Please give back each entry below unaltered, leaving the pictures out.
--------------------------------
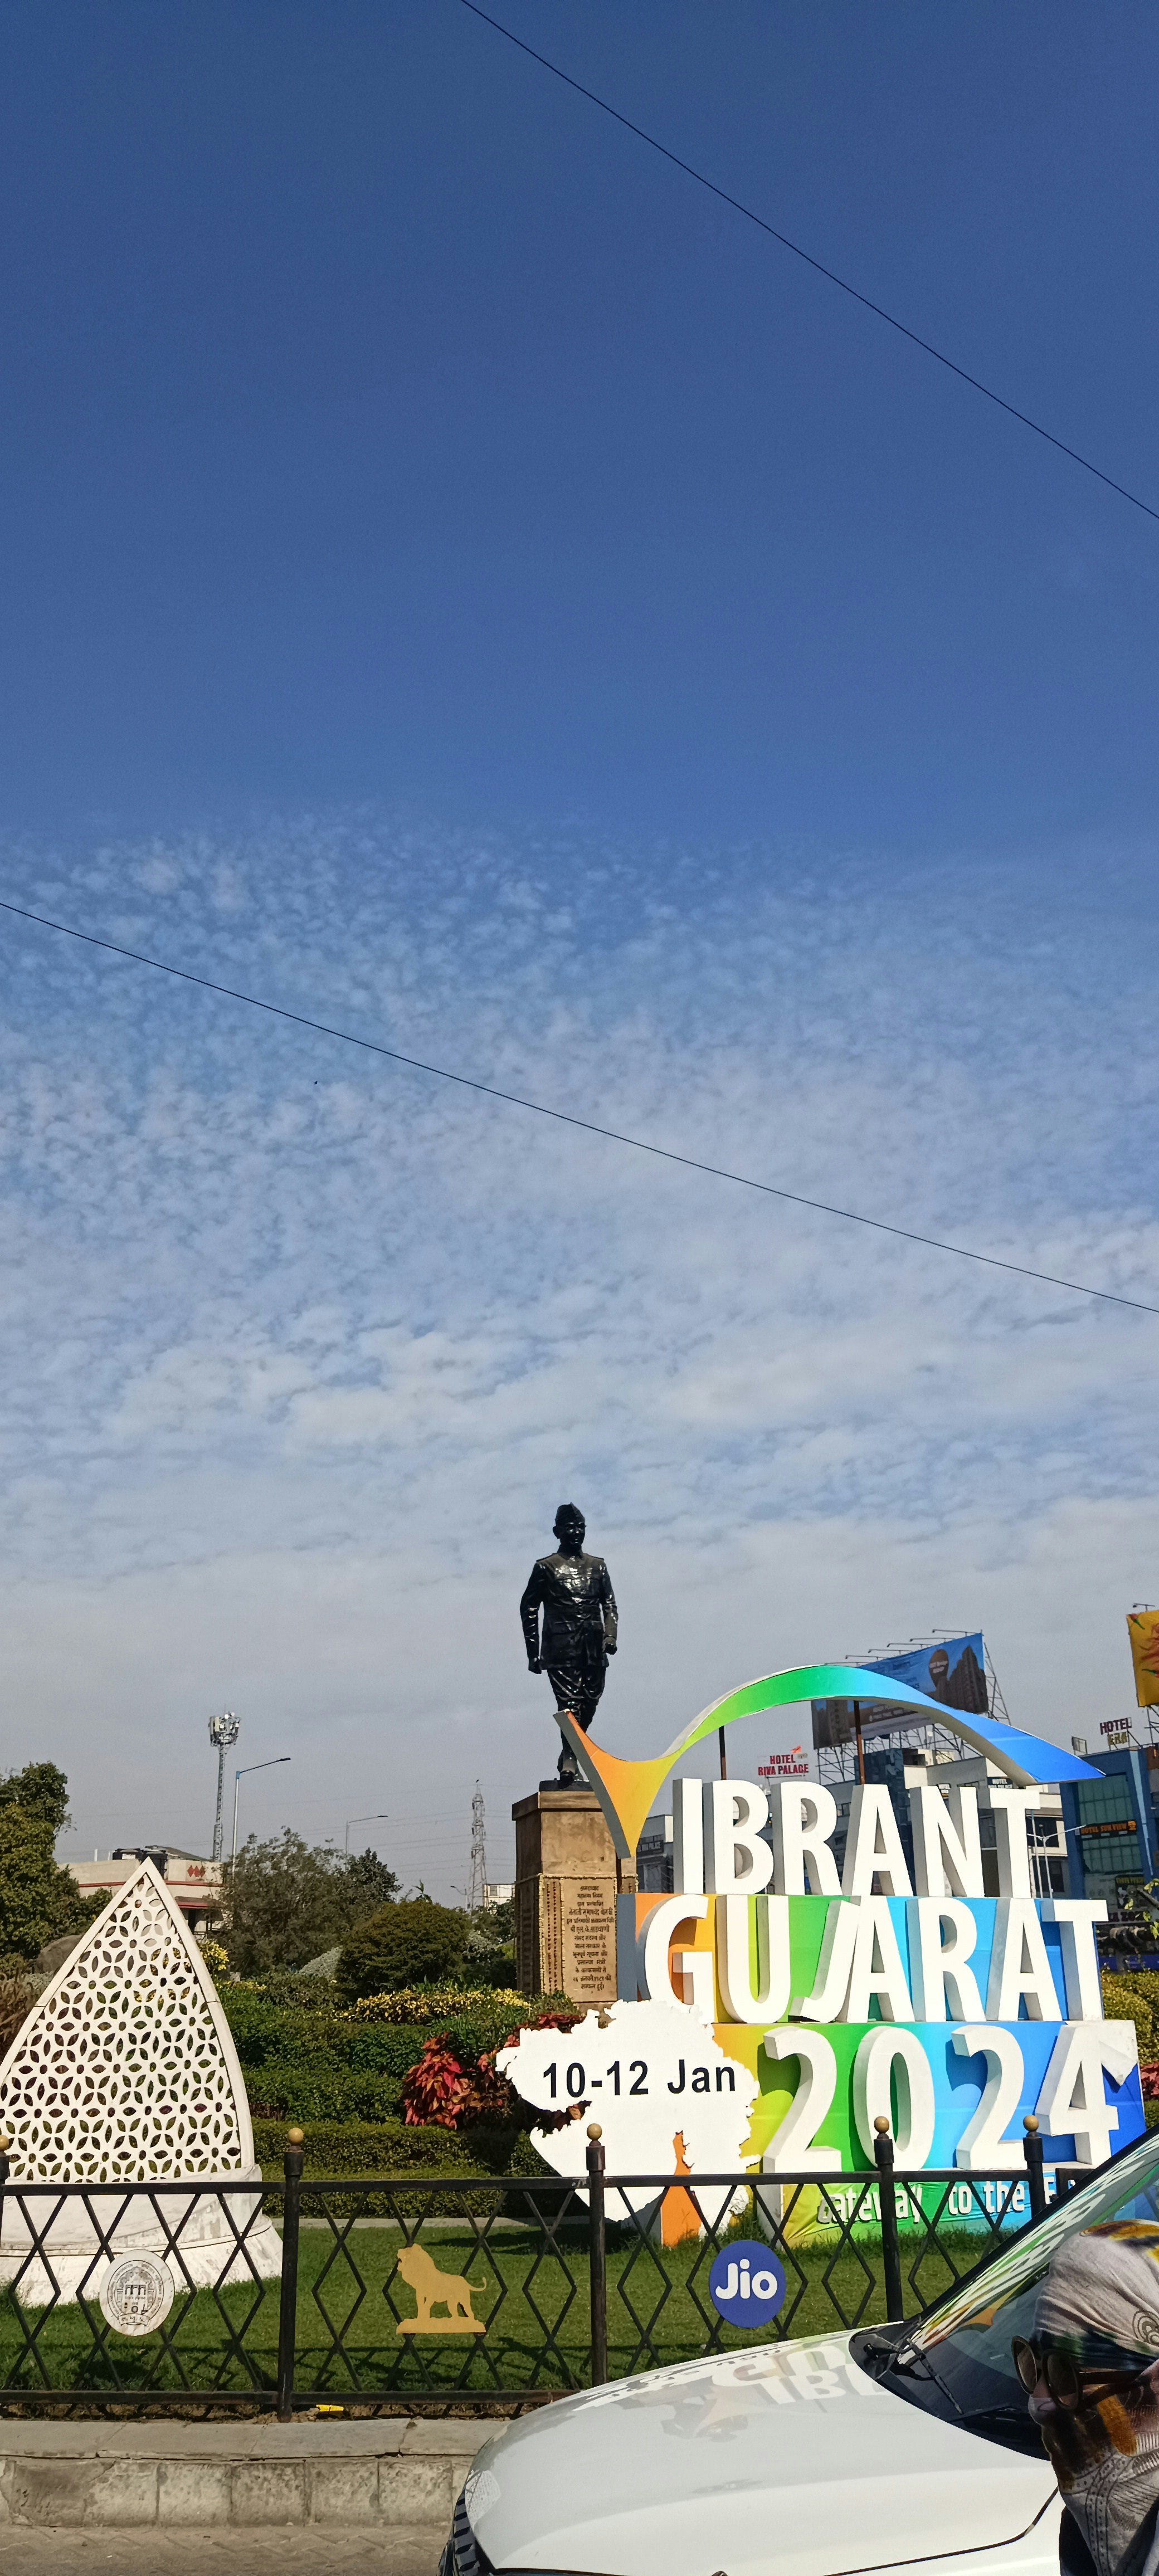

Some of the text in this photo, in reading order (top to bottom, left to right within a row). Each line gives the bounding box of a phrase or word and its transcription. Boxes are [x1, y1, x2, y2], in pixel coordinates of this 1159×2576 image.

[1099, 1717, 1132, 1735] HOTEL
[758, 1764, 809, 1775] RIVA PALACE
[770, 1754, 796, 1764] HOTEL
[636, 1893, 1109, 2024] GUJARAT
[543, 2058, 736, 2098] 10-12 Jan
[763, 2025, 1138, 2171] 2024
[983, 2179, 1025, 2212] the
[715, 2258, 778, 2300] Jio
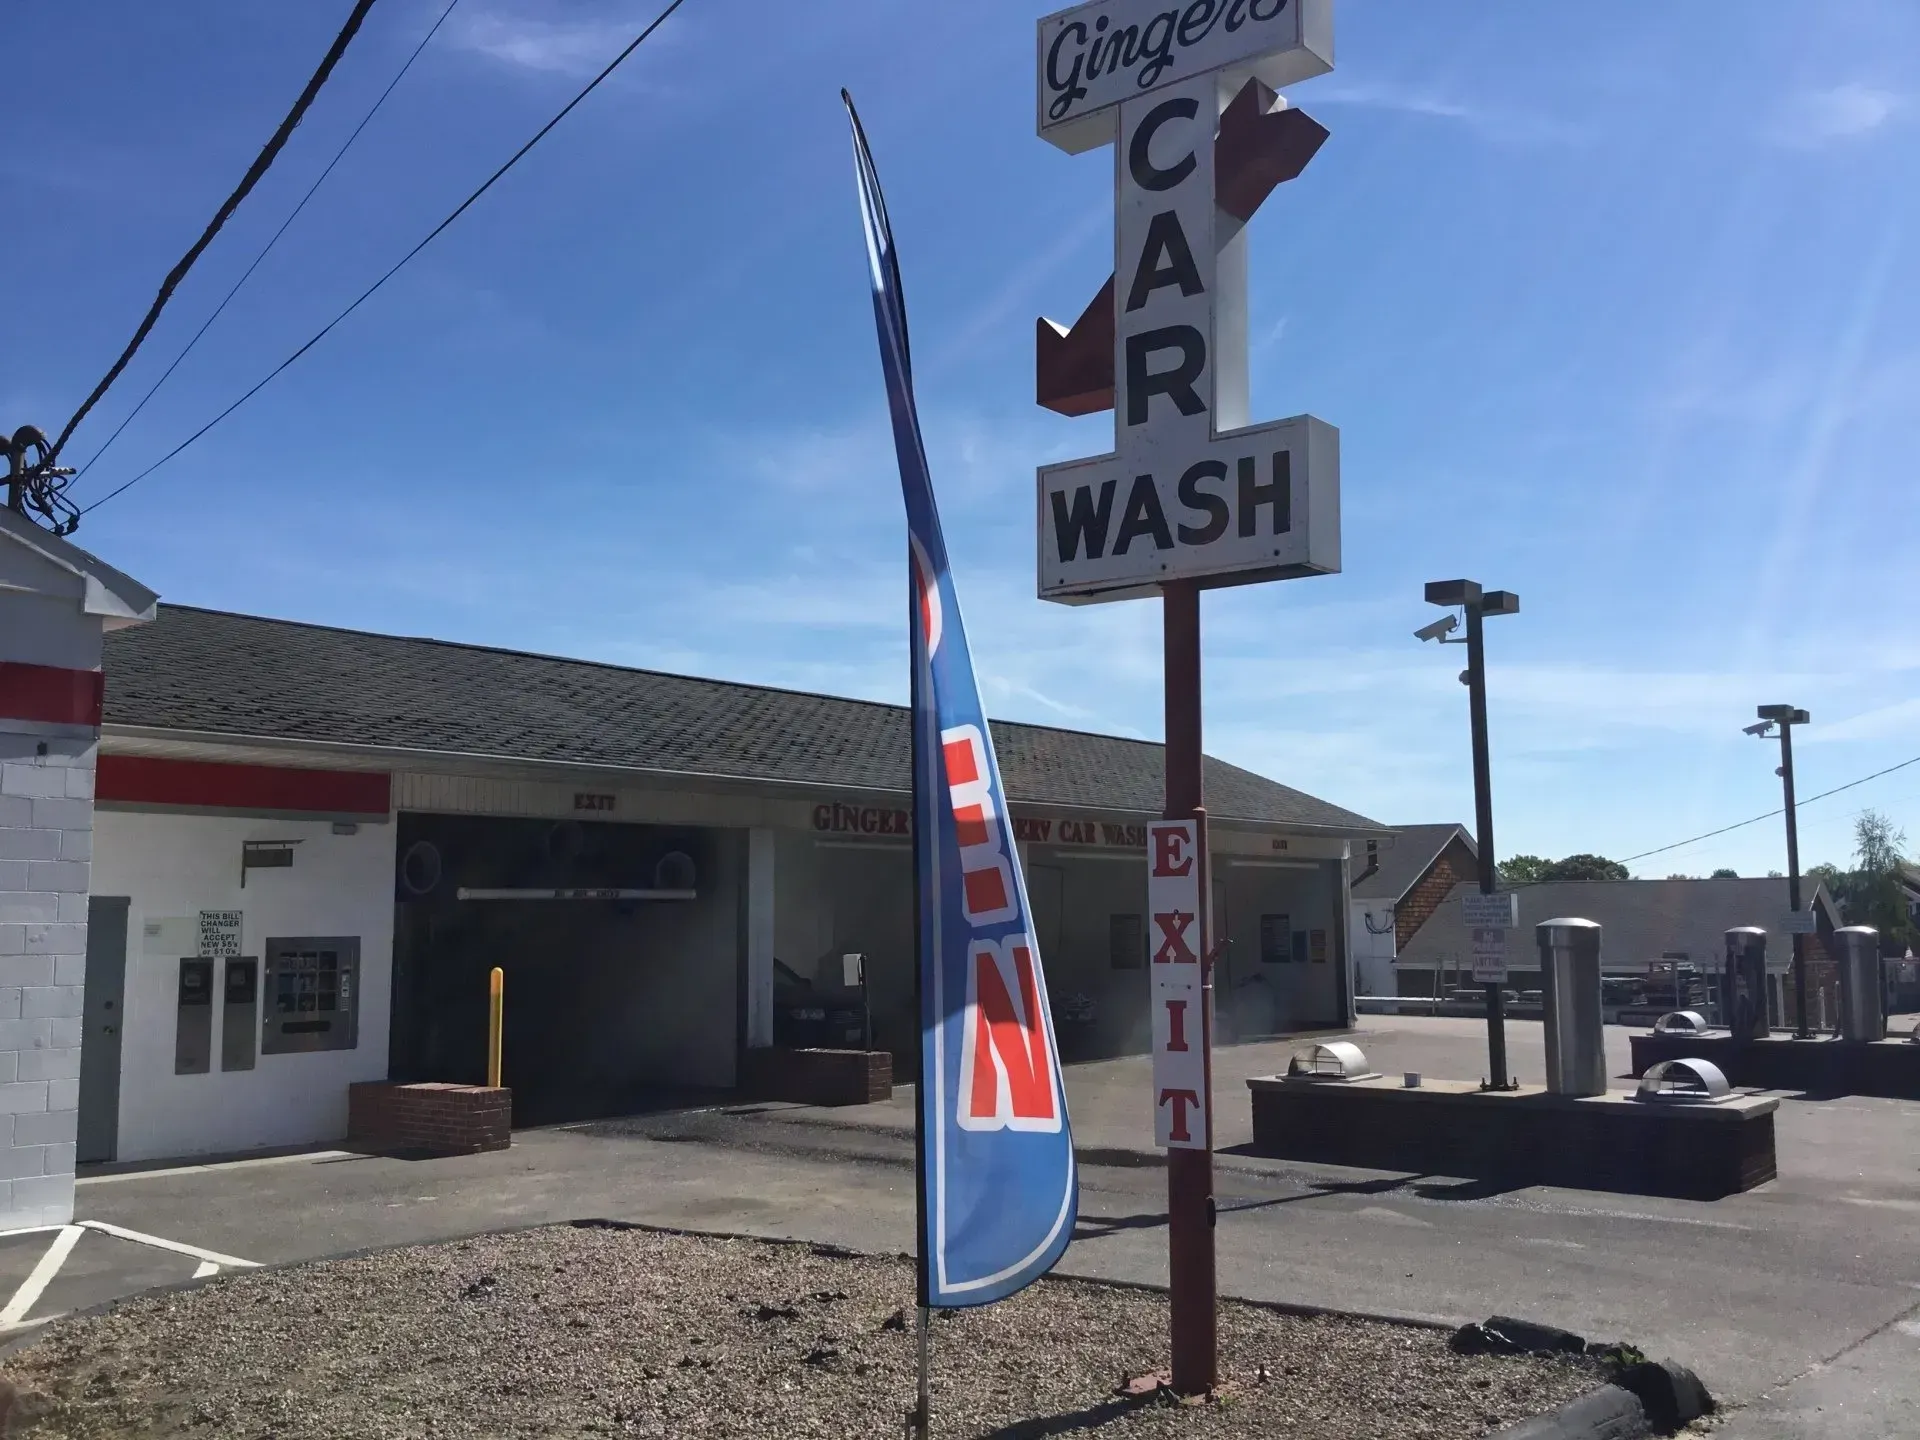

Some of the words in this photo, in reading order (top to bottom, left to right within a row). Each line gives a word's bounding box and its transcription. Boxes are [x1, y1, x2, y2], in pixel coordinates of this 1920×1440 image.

[1125, 97, 1208, 427] CAR
[1050, 450, 1291, 564] WASH
[574, 793, 616, 811] EXIT
[813, 803, 911, 833] GINGER
[1014, 818, 1052, 842] ERV
[1059, 820, 1096, 843] CAR
[202, 912, 220, 920] THIS
[222, 912, 240, 920] BILL
[1151, 826, 1201, 1142] EXIT
--------------------------------
> Reply:
Some of the text in this photo, in reading order (top to bottom, left to right within a row). Each line gives the bounding box of a phrase or word and its transcription. Boxes are [x1, y1, x2, y2], in pixel coordinates of this 1159×2576 image.

[1099, 1717, 1132, 1735] HOTEL
[758, 1764, 809, 1775] RIVA PALACE
[770, 1754, 796, 1764] HOTEL
[636, 1893, 1109, 2024] GUJARAT
[543, 2058, 736, 2098] 10-12 Jan
[763, 2025, 1138, 2171] 2024
[983, 2179, 1025, 2212] the
[715, 2258, 778, 2300] Jio

Some of the words in this photo, in reading order (top to bottom, left to right within a row). Each line gives a word's bounding box and its transcription. Boxes are [x1, y1, x2, y2], in pixel coordinates of this 1920×1440 image.

[1125, 97, 1208, 427] CAR
[1050, 450, 1291, 564] WASH
[574, 793, 616, 811] EXIT
[813, 803, 911, 833] GINGER
[1014, 818, 1052, 842] ERV
[1059, 820, 1096, 843] CAR
[202, 912, 220, 920] THIS
[222, 912, 240, 920] BILL
[1151, 826, 1201, 1142] EXIT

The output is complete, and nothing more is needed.